With the recent final closure and disbursement of the last will and testament of Myrtle Gaylord (who died in 2005) legally completed, her philanthropy and that of her husband, who passed away in 2000, warranted public recognition, said the estate’s co-executrices and an extended family member of the Gaylords.
“Myrtle and Albert Gaylord defined that $100,000 be left to [the] Riverside Foundation for Health Care and that the rest of the estate be divided up by more than 10 charities,” co-executrices Linda Hamilton and Marg Gushulak revealed during an interview last week.
“They were a quiet elderly couple—very unassuming—with no kids of their own.
“They were married 51 years and they would have otherwise anonymously donated this money and nobody would have known that they’d done that,” added Hamilton.
“We think we’d like the community to know.”

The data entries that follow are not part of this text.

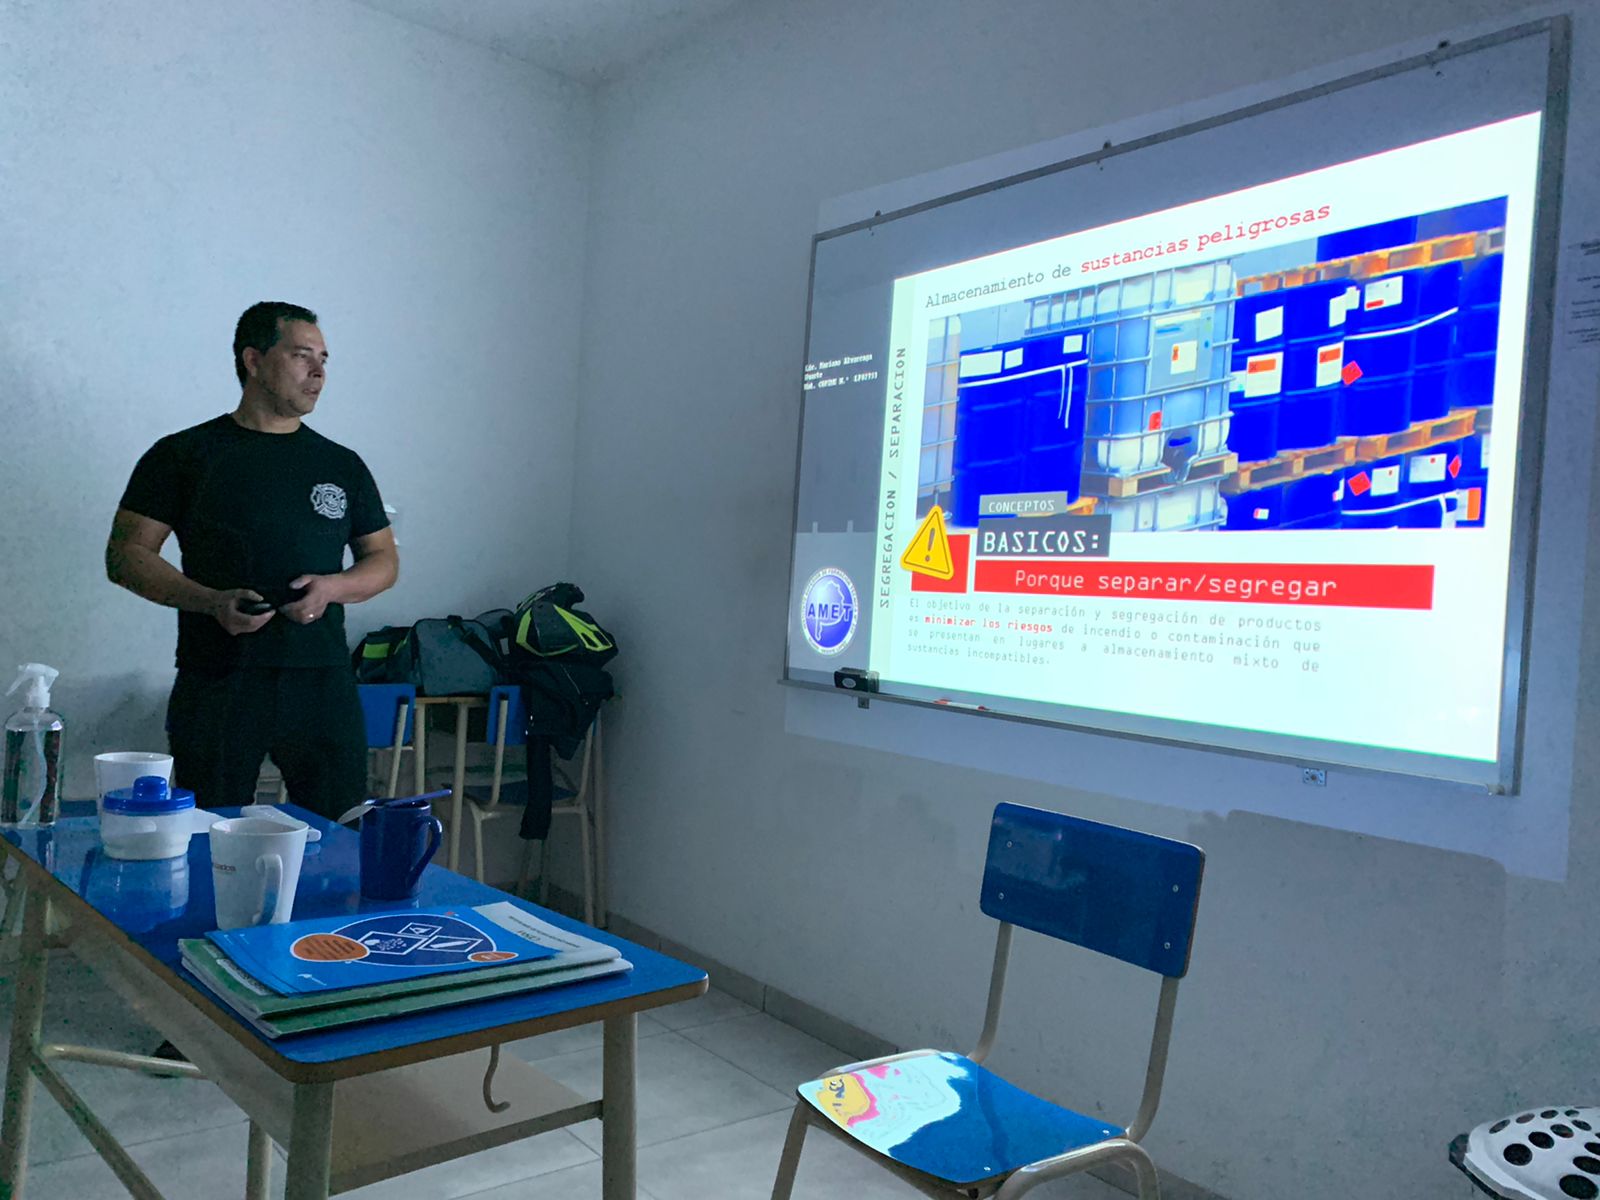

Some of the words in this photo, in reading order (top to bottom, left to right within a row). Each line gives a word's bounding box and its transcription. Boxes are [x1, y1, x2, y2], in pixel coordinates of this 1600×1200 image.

[926, 269, 1045, 308] Almacenamiento
[1052, 264, 1072, 280] de
[1081, 238, 1189, 273] sustancias
[1197, 203, 1331, 251] peligrosas
[889, 347, 906, 457] SEPARACION
[888, 471, 898, 480] /
[988, 499, 1055, 513] CONCEPTOS
[880, 489, 896, 608] SEGREGACION
[983, 530, 1100, 553] BASICOS:
[1015, 570, 1084, 590] Porque
[1098, 574, 1337, 600] separar/segregar
[808, 603, 852, 620] AMET
[909, 598, 919, 608] El
[926, 598, 971, 611] objetivo
[978, 602, 990, 613] de
[998, 602, 1010, 614] la
[1018, 604, 1085, 618] separación
[1094, 609, 1102, 620] y
[1111, 609, 1198, 625] segregación
[1209, 614, 1225, 626] de
[1238, 616, 1322, 632] productos
[924, 615, 976, 627] minimizar
[982, 618, 1000, 629] los
[1007, 620, 1053, 634] riesgos
[1061, 623, 1075, 634] de
[1083, 622, 1141, 640] incendio
[1150, 631, 1158, 640] o
[1168, 631, 1281, 650] contaminación
[1293, 639, 1321, 654] que
[907, 642, 960, 657] sustancias
[966, 647, 1051, 665] incompatibles.
[908, 629, 919, 637] se
[929, 629, 981, 643] presentan
[993, 635, 1006, 645] en
[1018, 636, 1065, 651] lugares
[1080, 643, 1088, 652] a
[1103, 643, 1214, 664] almacenamiento
[1232, 653, 1279, 670] mixto
[1301, 660, 1320, 673] de
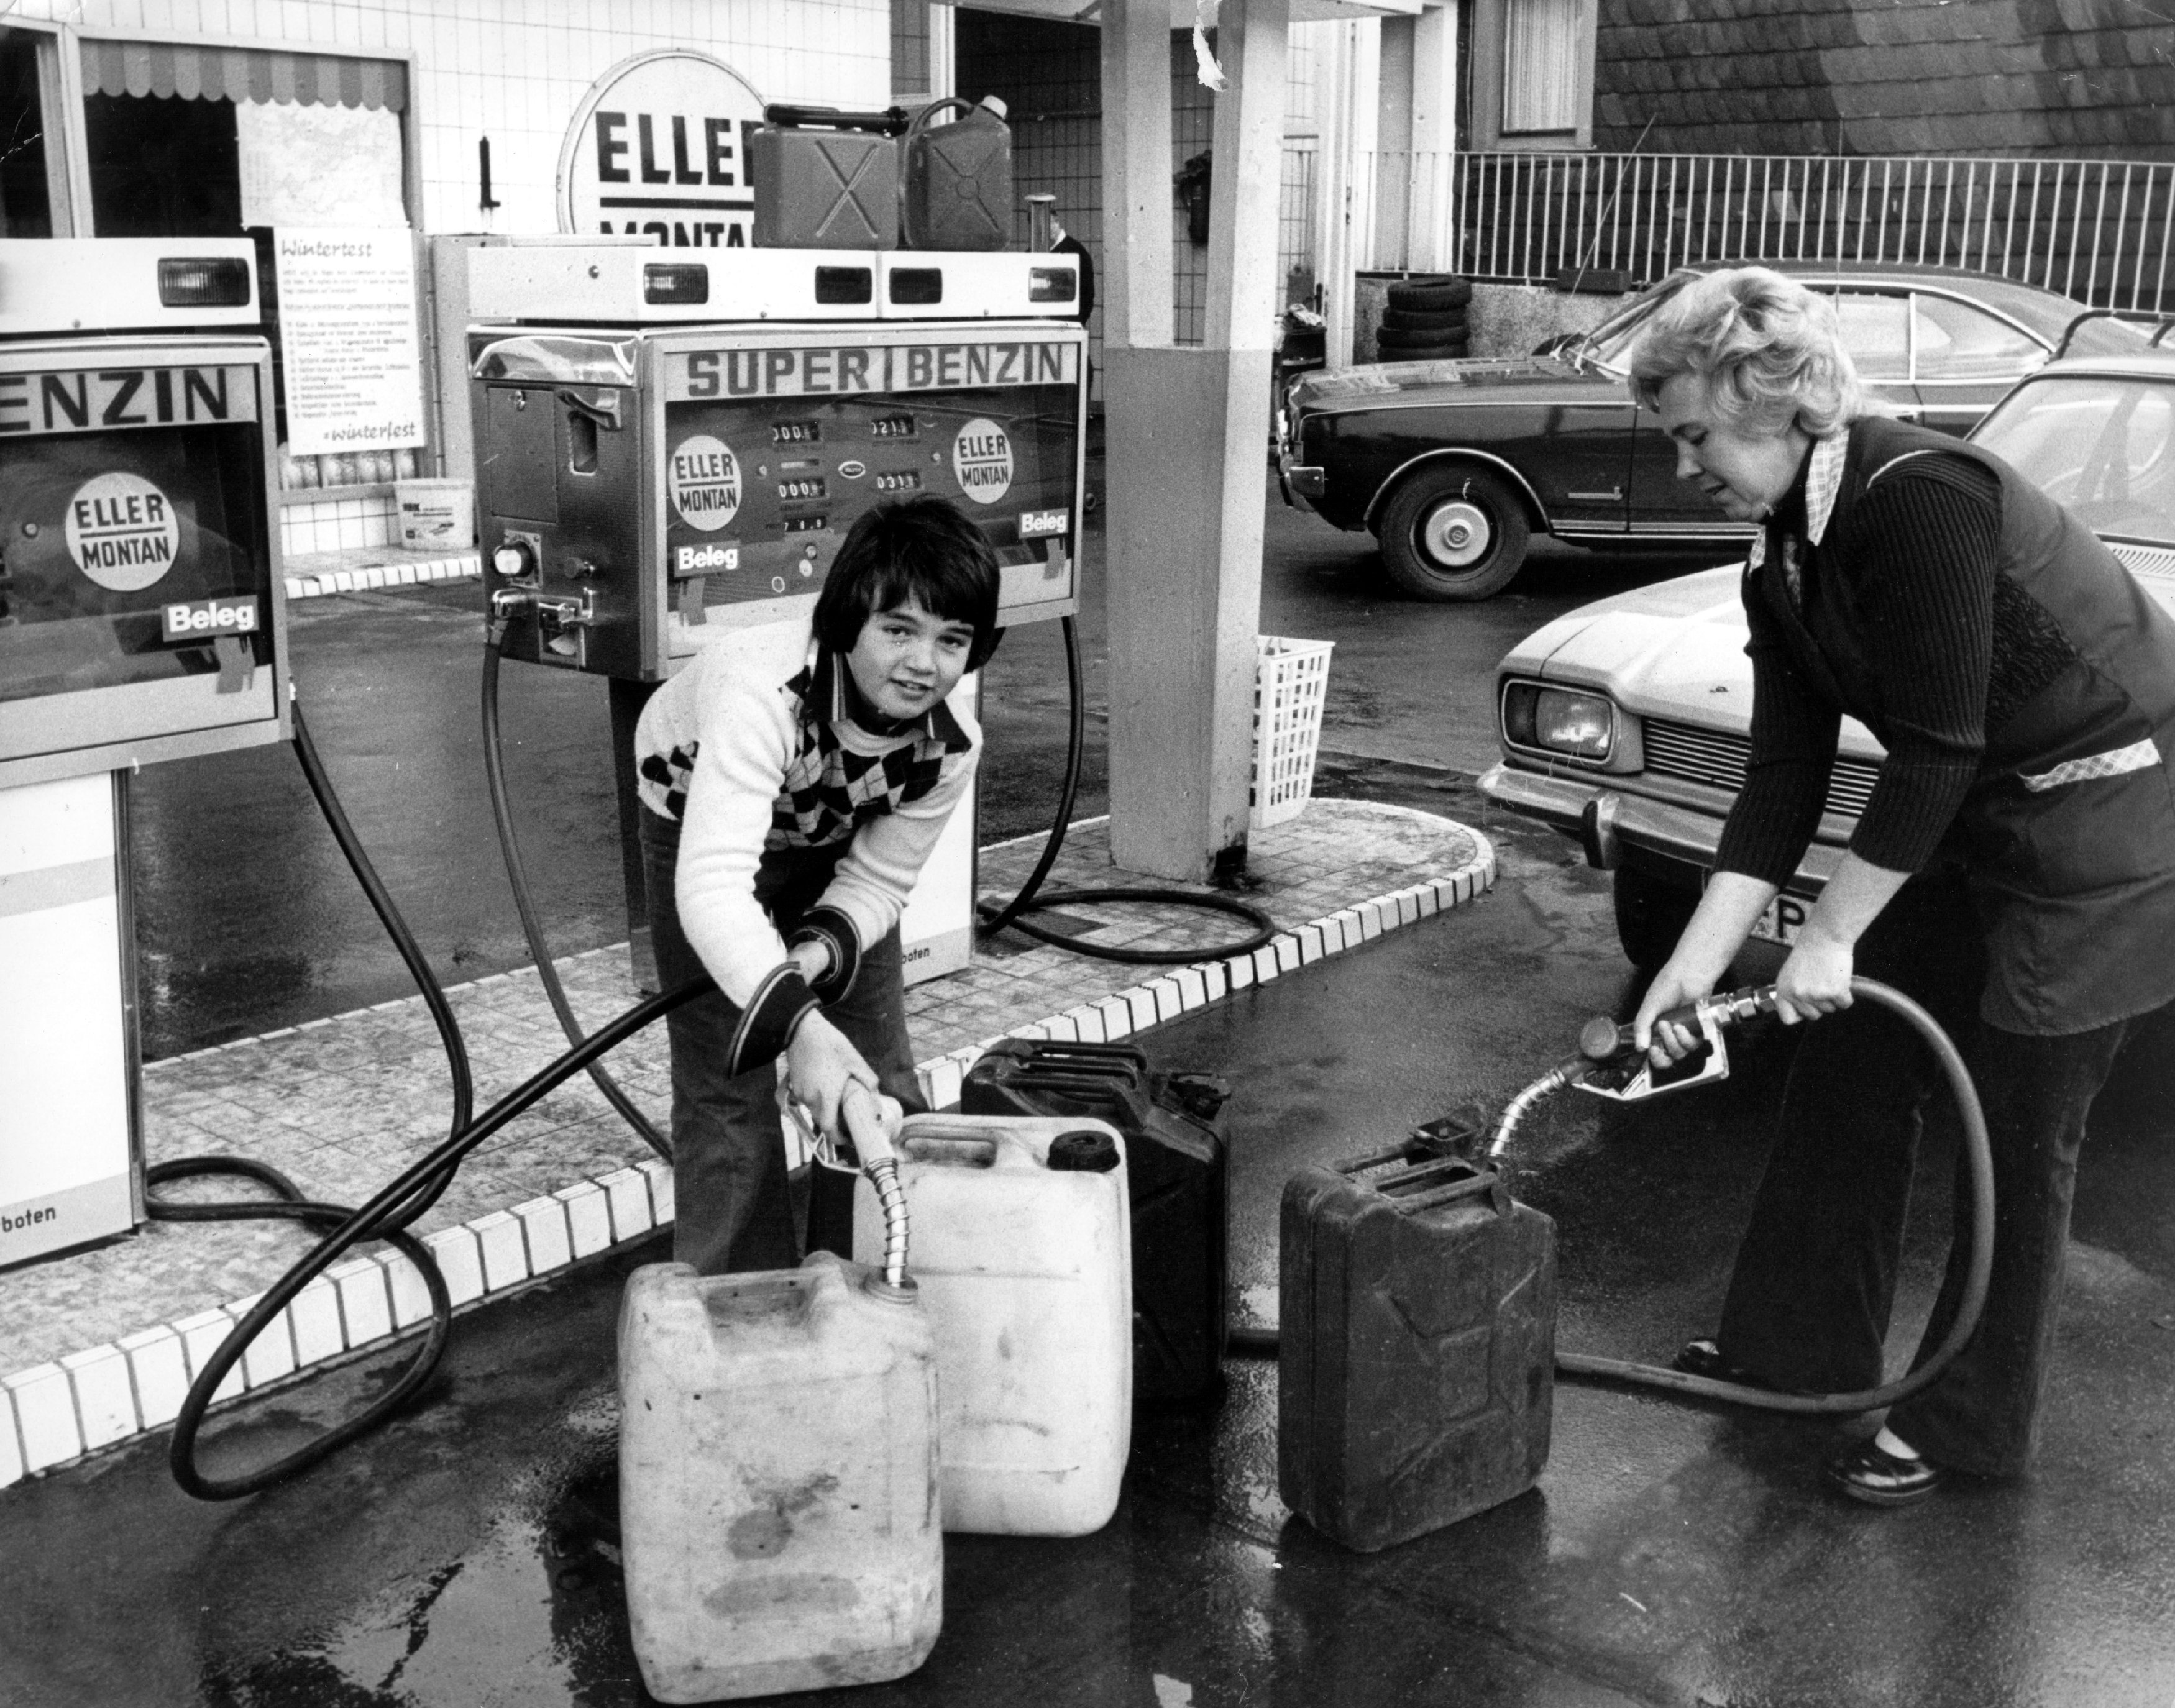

Other organizations also designated as beneficiaries of the Gaylord estate include the Salvation Army, Canadian Institute for the Blind, Canadian Red Cross, Heart and Stroke Foundation, Canadian Cancer Society, Lung Association, Canadian Liver Foundation, Fort Frances Friends of Animals, Knox United Church, the local Legion Ladies Auxiliary, and Sister Kennedy Centre.
Brian Gaylord of Fort Frances, a nephew of the late couple, also stressed Myrtle and Albert were community-minded and tirelessly supported the town through various organizations they belonged to, including Knox United Church and the Royal Canadian Legion.
“Money was very important to them—to save it [and] they were a private couple, yet they would help anybody,” he reiterated.
Teresa Hazel, director of the Riverside Foundation for Health Care, said that after discussions with the Gaylords’ extended family, the $100,000 donation from the estate will be used to benefit two hospital programs near and dear to the hearts of the benefactors.
“We are creating the ‘Myrtle Gaylord Endowment Fund,’ and the interest received off of that money every year will be put either towards the day hospital or the dialysis unit,” Hazel noted Thursday.
The day hospital program is one that Myrtle Gaylord participated in twice a week for some 25 years.
Albert Gaylord, meanwhile, died from kidney disease. Prior to his death, he was on home dialysis as the new hemo-dialysis unit was not yet functional at the hospital.
“These are the kind of surprise gifts that can go a long way [and] an endowment fund is a gift that keeps on giving,” Hazel remarked.
“I’ve learned such an appreciation for what Myrtle and Albert did,” said Hamilton, with Gushulak and Brain Gaylord nodding in agreement.
“I don’t think very many people would do that,” she admitted. “I don’t think very many people would work that hard, hard, hard, and then turn around and give it all back to the community.”
Albert Gaylord moved from Saskatchewan to Fort Frances in 1938, enlisted in the Canadian Army in 1939, and served overseas for the duration of World War Two.
He married Myrtle Morgan in 1948 and also worked in the paper mill as a pipefitter for 37 years, retiring in 1983. Myrtle Gaylord worked for the CIBC bank in both Fort Frances and Emo.